##### ENTRIES SUPPLIED #####

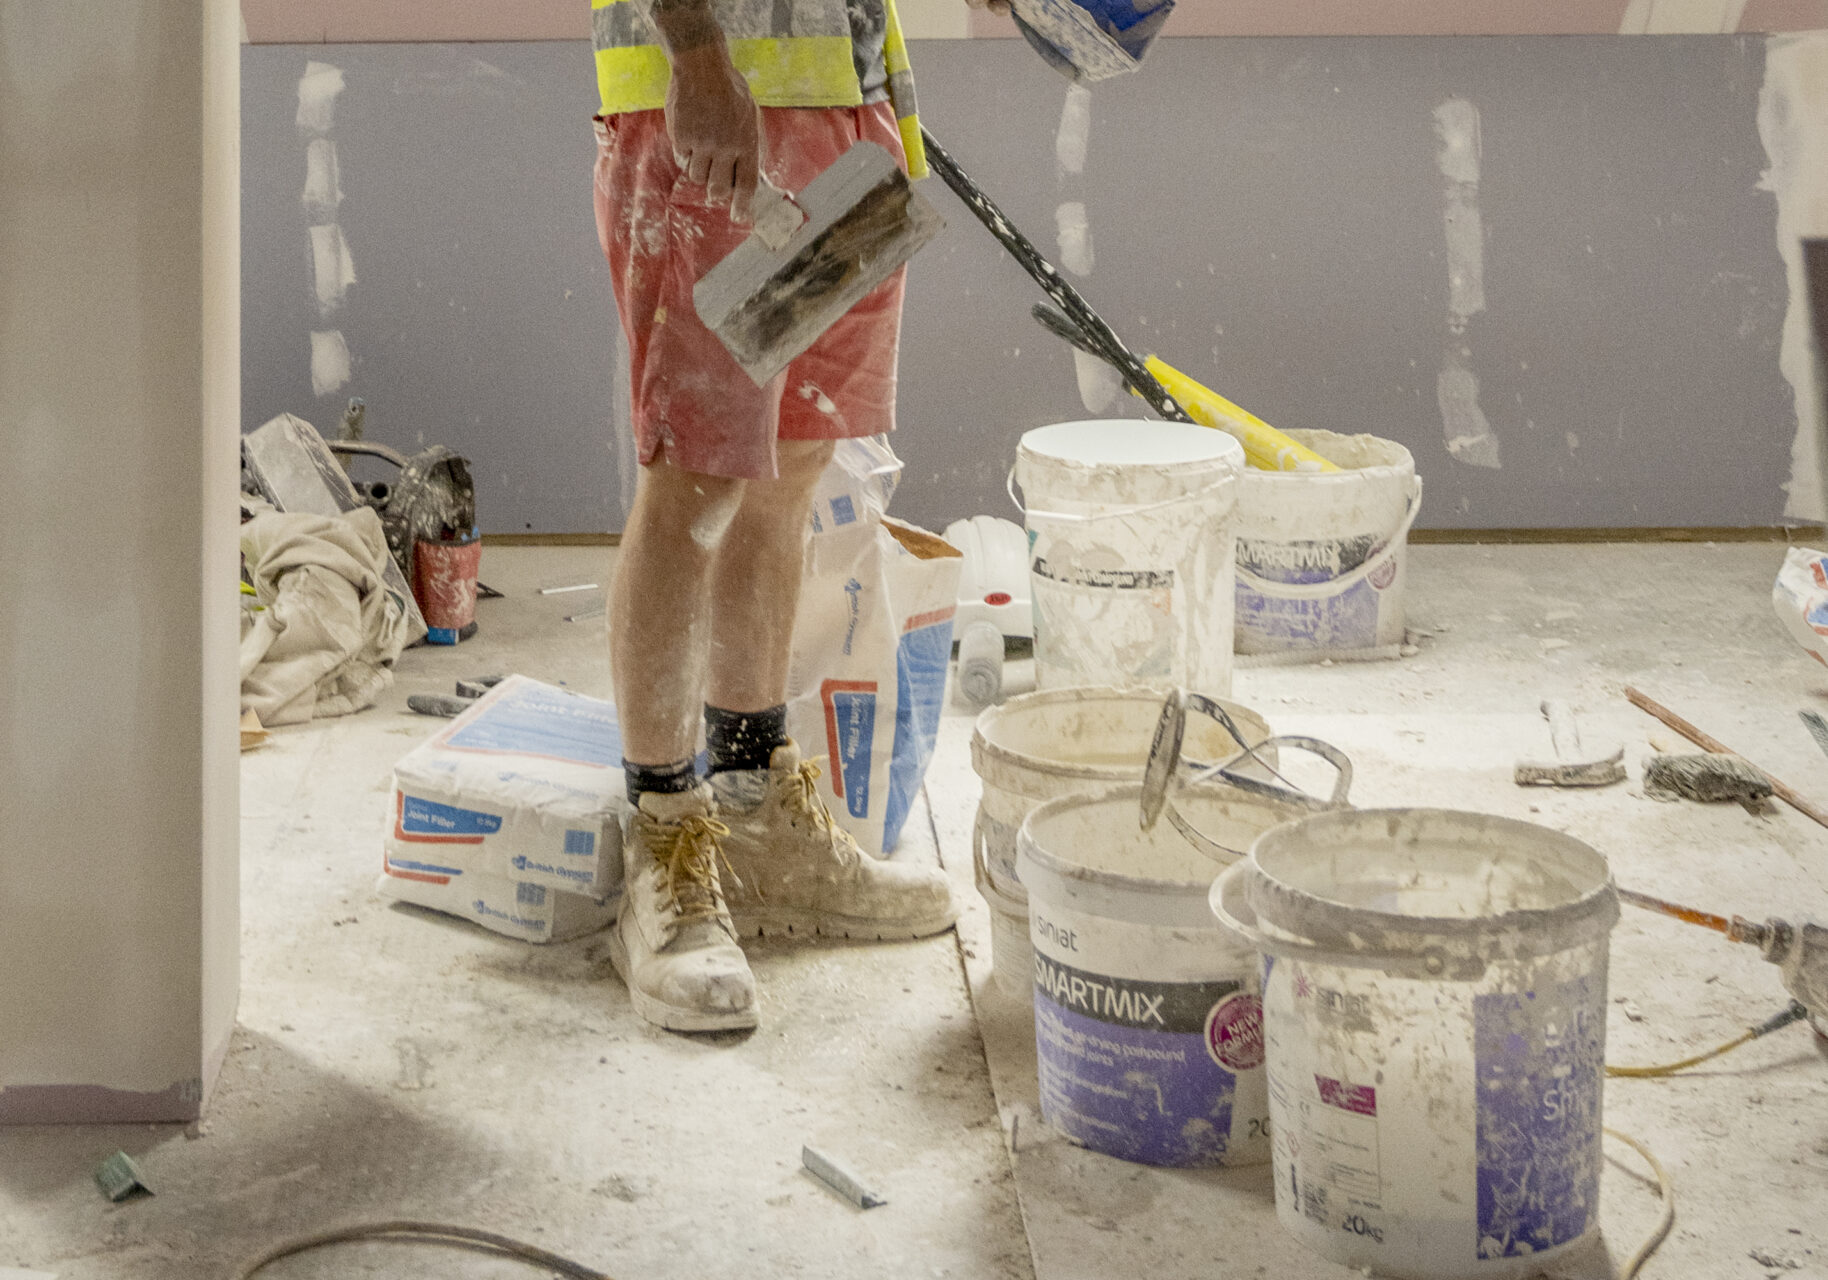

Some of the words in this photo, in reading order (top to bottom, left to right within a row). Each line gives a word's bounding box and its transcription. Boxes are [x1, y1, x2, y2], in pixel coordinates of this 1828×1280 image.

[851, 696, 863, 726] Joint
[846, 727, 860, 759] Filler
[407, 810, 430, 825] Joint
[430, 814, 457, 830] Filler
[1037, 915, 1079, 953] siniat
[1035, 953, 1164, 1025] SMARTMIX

#####

◆ **EXERCISE AIM**
Only an exact copy of the records, free of images, belongs in the answer.

◆ **TASK RESPONSE**
Some of the words in this photo, in reading order (top to bottom, left to right within a row). Each line gives a word's bounding box and its transcription. Boxes are [x1, y1, x2, y2], in pixel coordinates of this 1828×1280 image.

[851, 696, 863, 726] Joint
[846, 727, 860, 759] Filler
[407, 810, 430, 825] Joint
[430, 814, 457, 830] Filler
[1037, 915, 1079, 953] siniat
[1035, 953, 1164, 1025] SMARTMIX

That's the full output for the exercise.